» **What the task requires**
Set down again, exactly and only, the lines from the one that contains "Some of the text" through the last line of the records below, both included, but not the pictures.
* * * * *
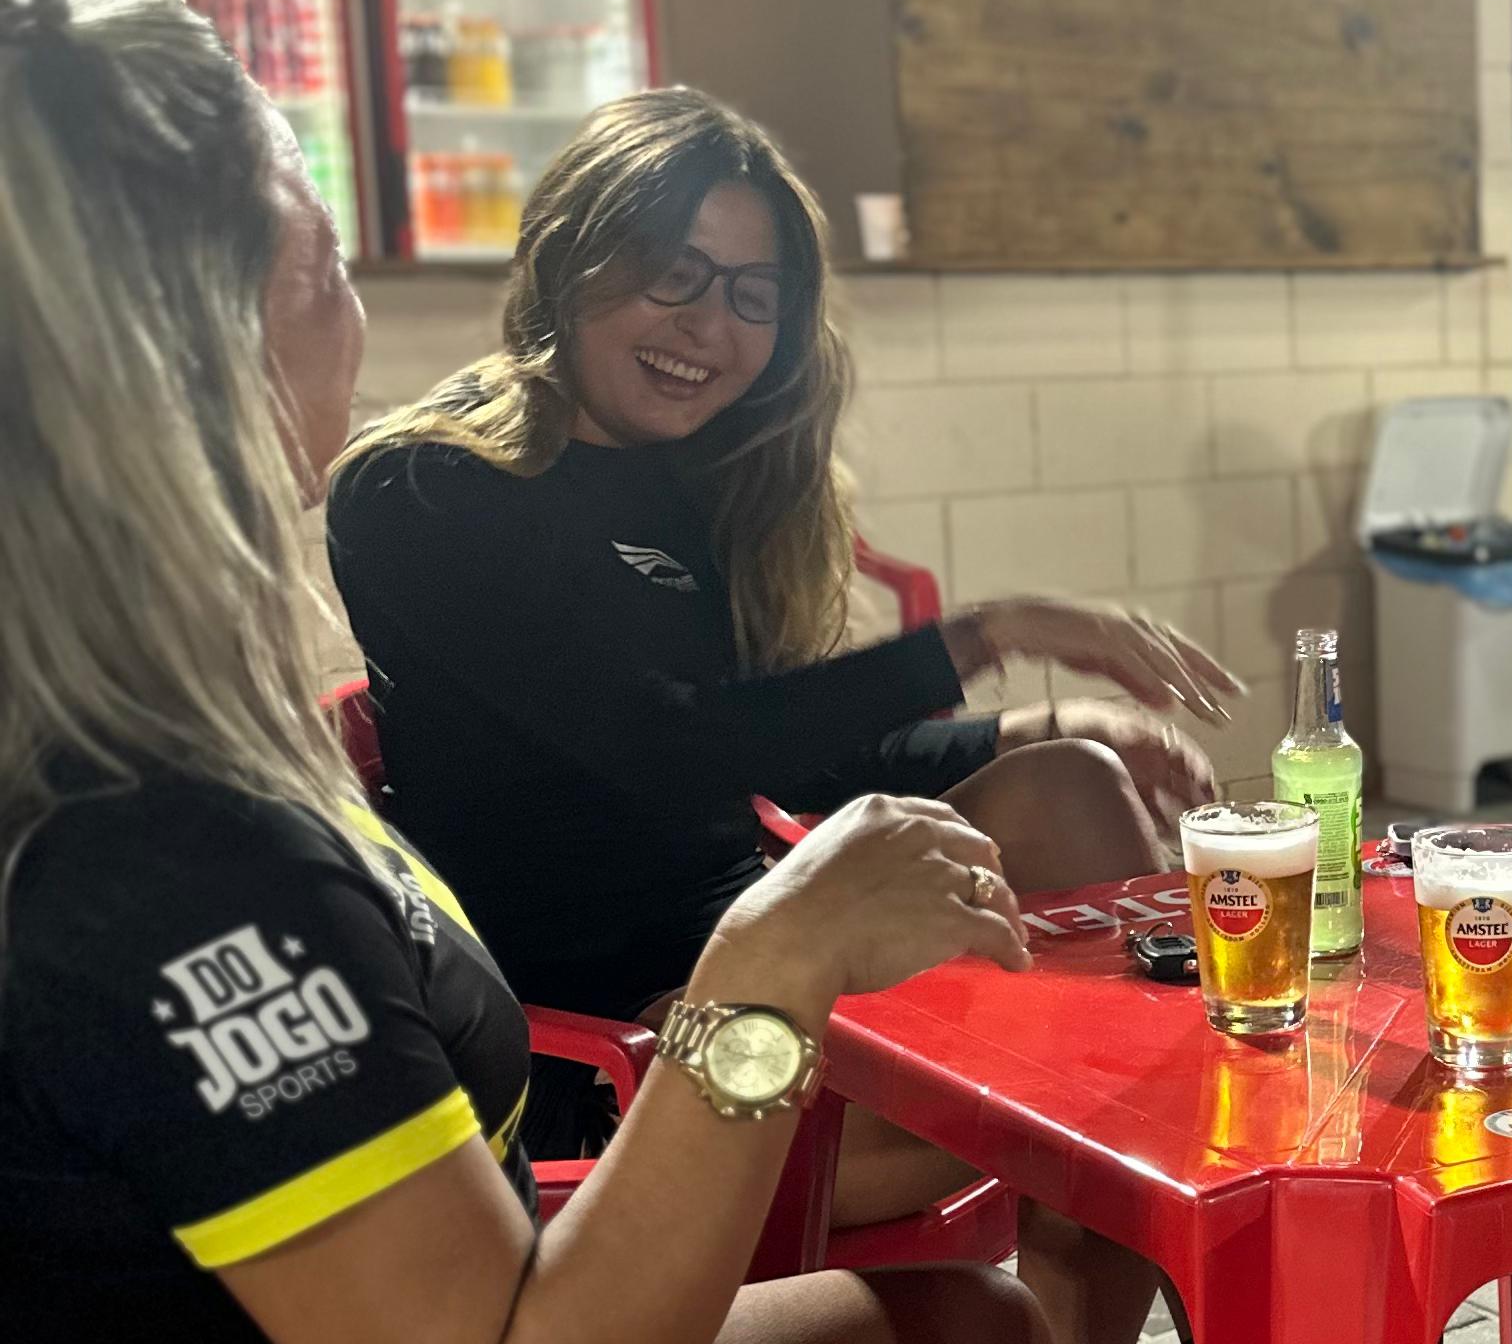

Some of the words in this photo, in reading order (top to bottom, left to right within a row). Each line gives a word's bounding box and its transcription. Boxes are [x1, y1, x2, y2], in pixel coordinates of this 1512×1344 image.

[1209, 894, 1259, 907] AMSTEL
[1456, 922, 1509, 936] AMSTEL
[1468, 939, 1498, 949] LAGER
[186, 943, 263, 1009] DO
[166, 967, 370, 1113] JOGO
[239, 1049, 358, 1119] SPORTS
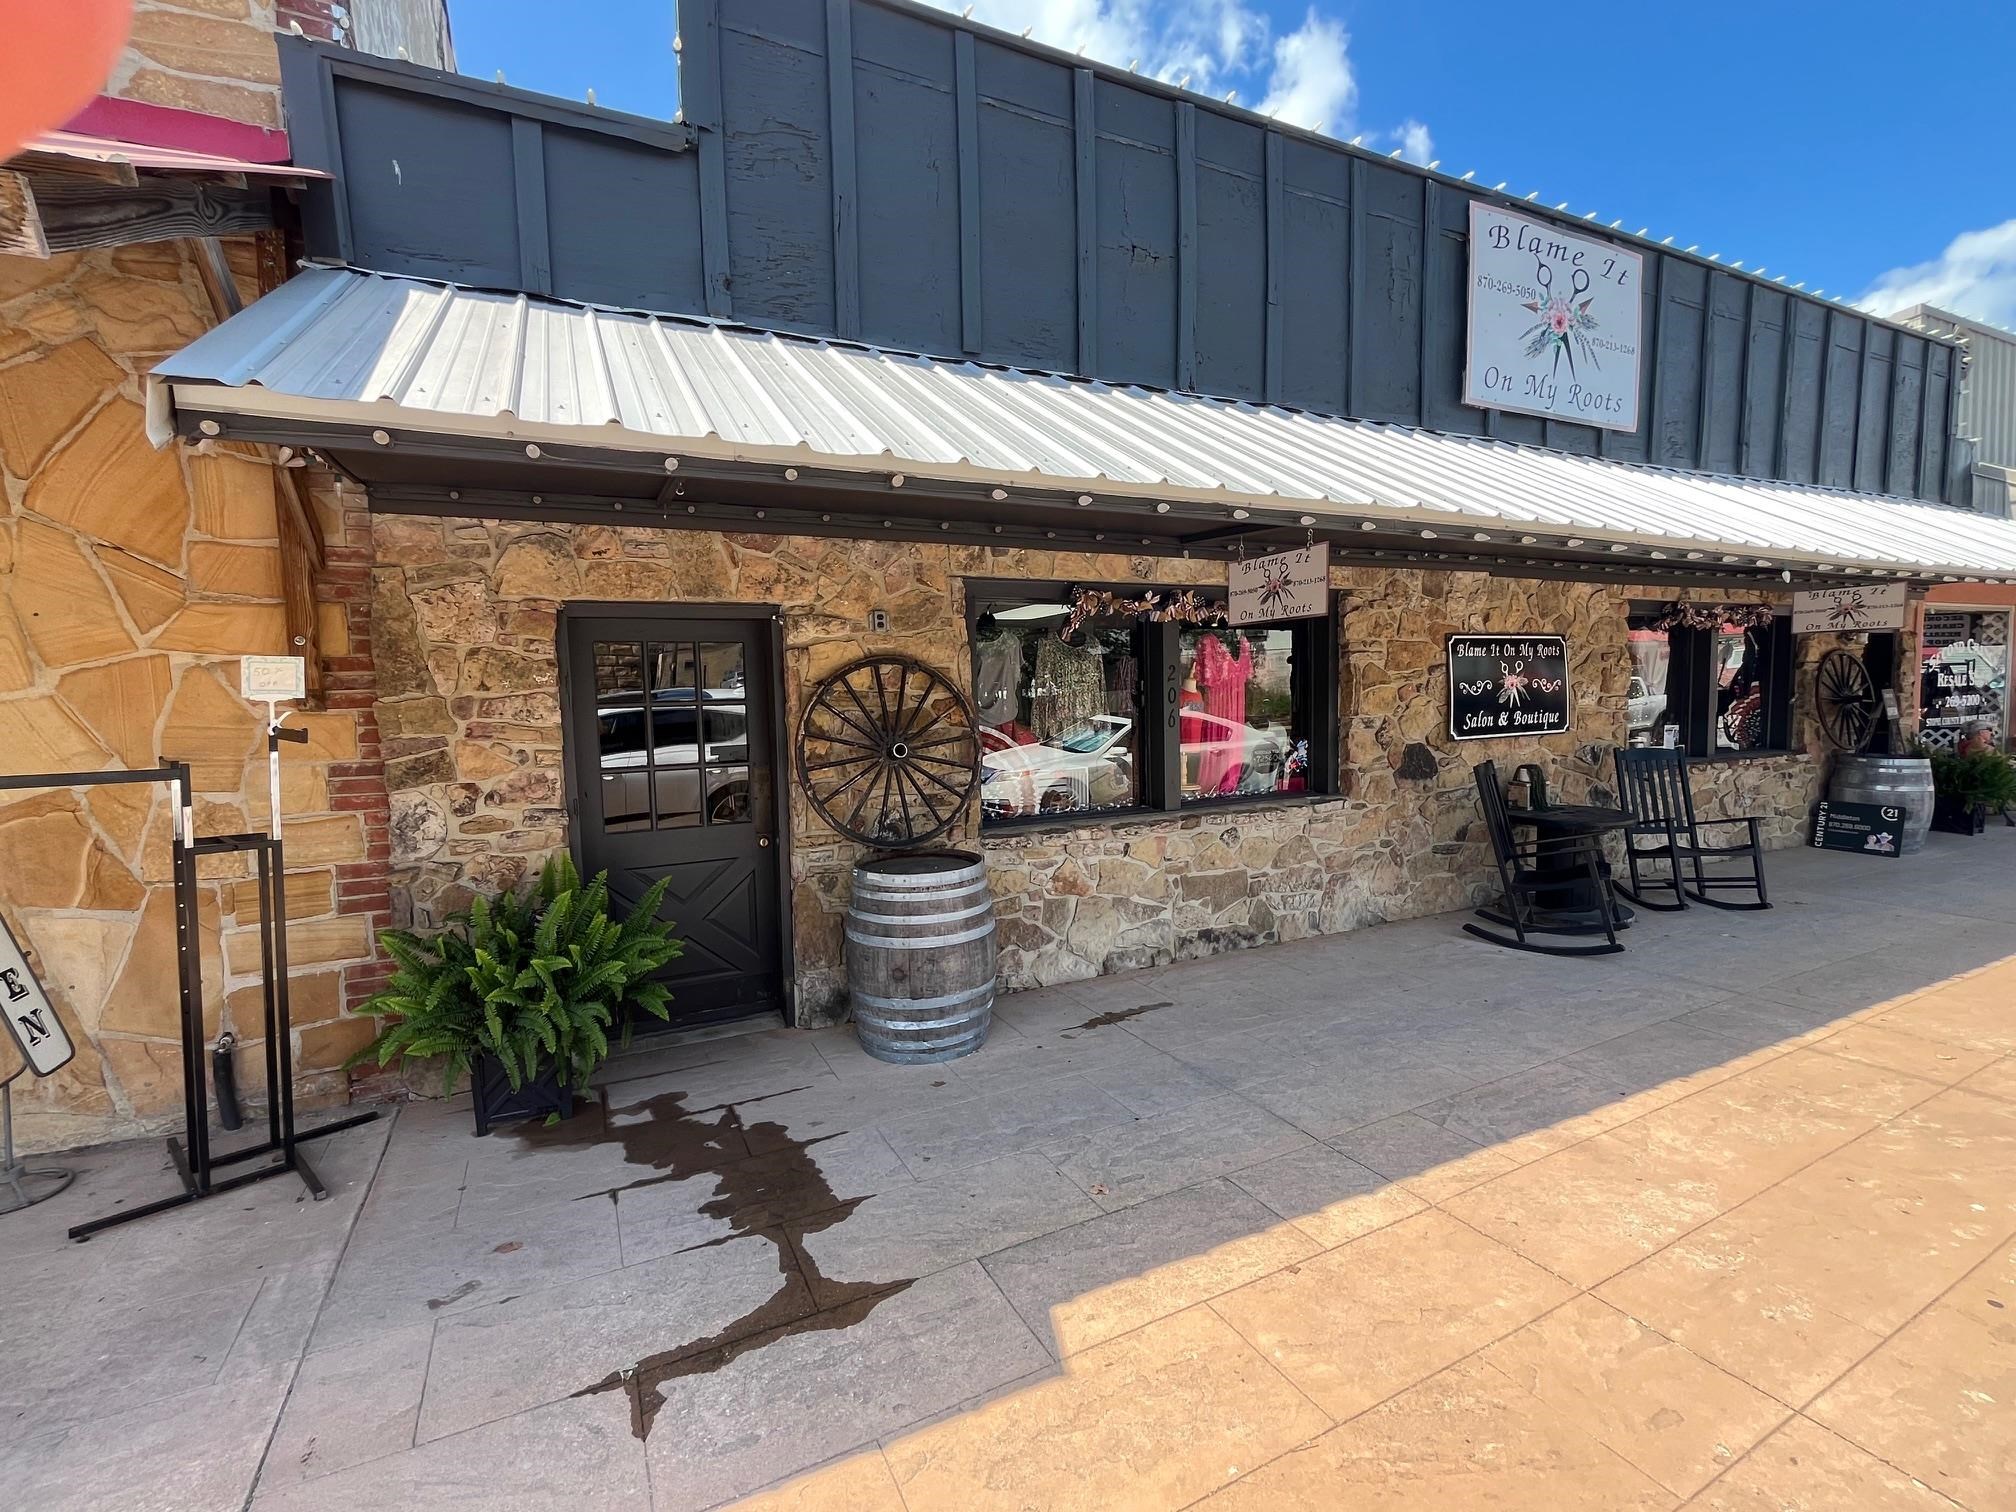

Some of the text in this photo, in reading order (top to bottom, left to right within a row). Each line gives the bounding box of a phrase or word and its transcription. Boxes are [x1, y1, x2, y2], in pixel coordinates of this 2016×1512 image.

[1488, 224, 1630, 286] Blame It
[1476, 276, 1537, 300] 870-269-5050
[1484, 366, 1623, 413] On My Roots
[1242, 552, 1312, 575] Blame It
[1808, 590, 1860, 600] Blame
[1240, 603, 1313, 621] On My Roots
[1805, 620, 1888, 631] On My Roots
[1457, 642, 1560, 662] Blame It On My Roots
[1168, 664, 1177, 728] 206
[1463, 710, 1560, 730] Salon & Boutique
[1814, 801, 1829, 847] CENTURY 21
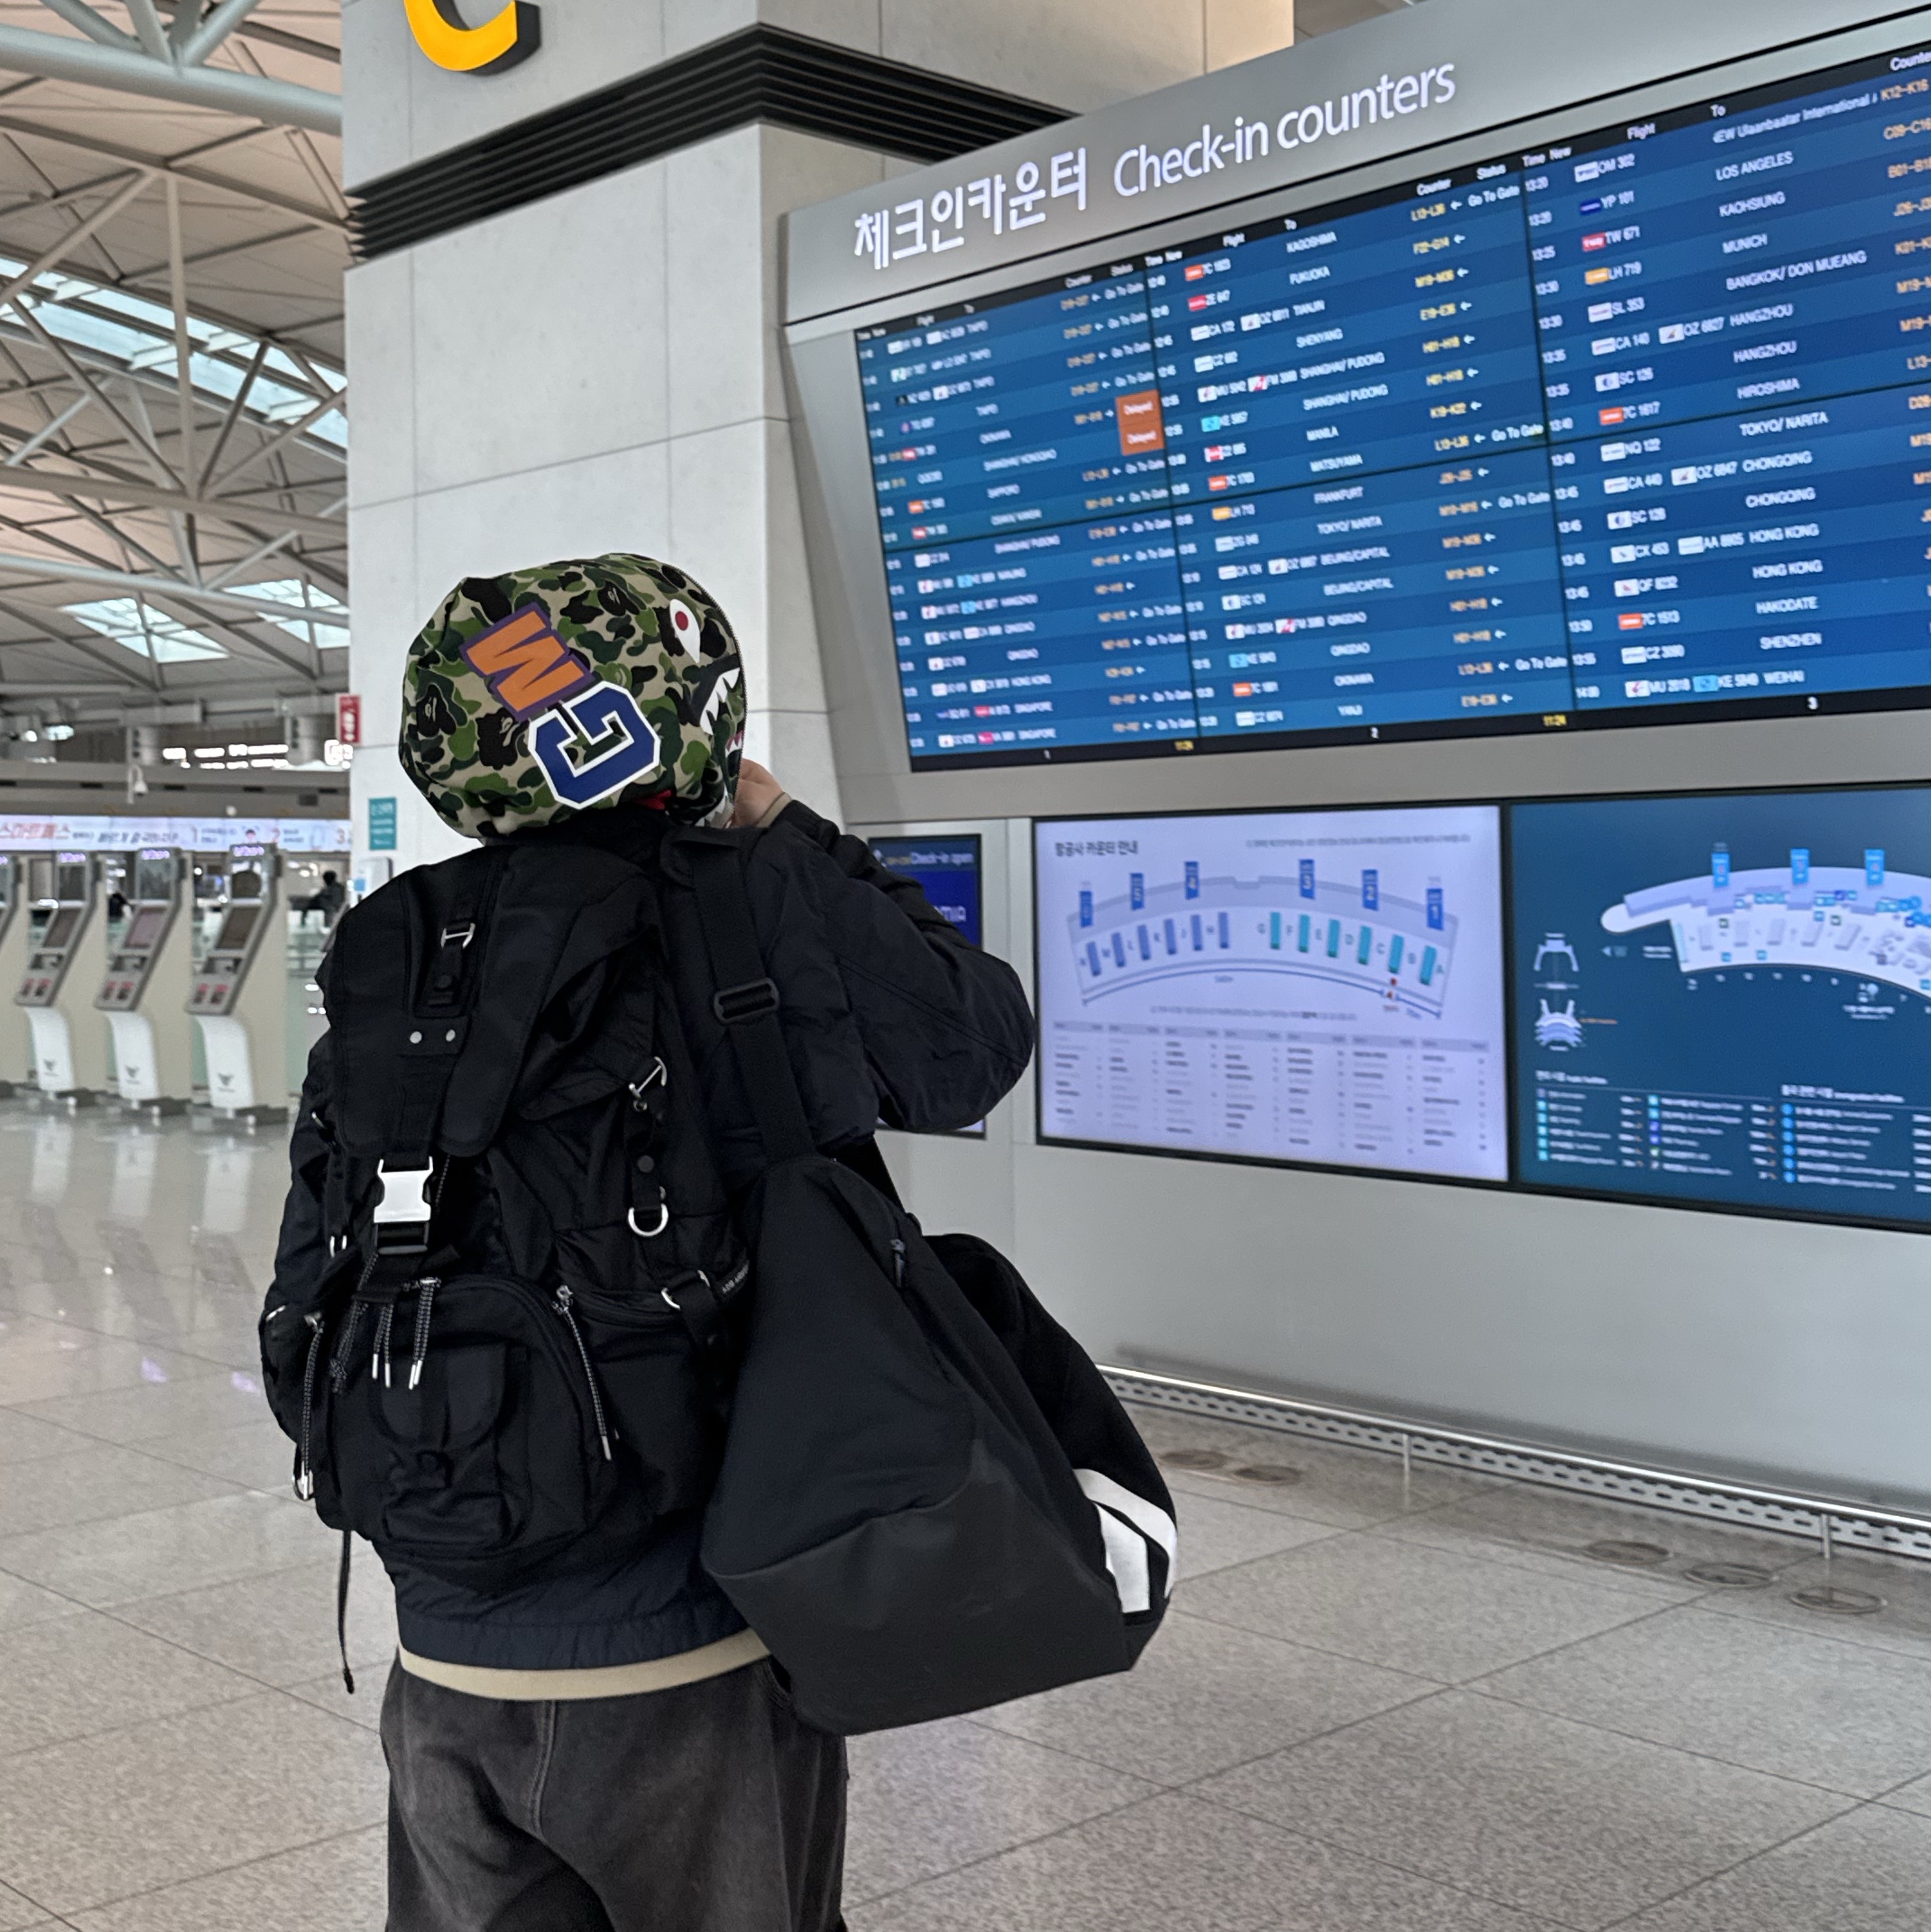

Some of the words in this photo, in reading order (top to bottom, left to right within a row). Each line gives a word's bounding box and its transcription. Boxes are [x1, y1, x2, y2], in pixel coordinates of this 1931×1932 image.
* * * * *
» **Exercise response**
Some of the text in this photo, in reading order (top to bottom, left to right within a row). Each line gives the bounding box of a phrase or word and its transcription. Boxes are [x1, y1, x2, y2], in pixel coordinates of this 2016×1512 image.

[1488, 224, 1630, 286] Blame It
[1476, 276, 1537, 300] 870-269-5050
[1484, 366, 1623, 413] On My Roots
[1242, 552, 1312, 575] Blame It
[1808, 590, 1860, 600] Blame
[1240, 603, 1313, 621] On My Roots
[1805, 620, 1888, 631] On My Roots
[1457, 642, 1560, 662] Blame It On My Roots
[1168, 664, 1177, 728] 206
[1463, 710, 1560, 730] Salon & Boutique
[1814, 801, 1829, 847] CENTURY 21

Some of the words in this photo, in reading order (top to bottom, left to right within a row). Each line gives a word's bounding box and its transcription. Boxes are [x1, y1, x2, y2], in pixel coordinates of this 1931×1932 image.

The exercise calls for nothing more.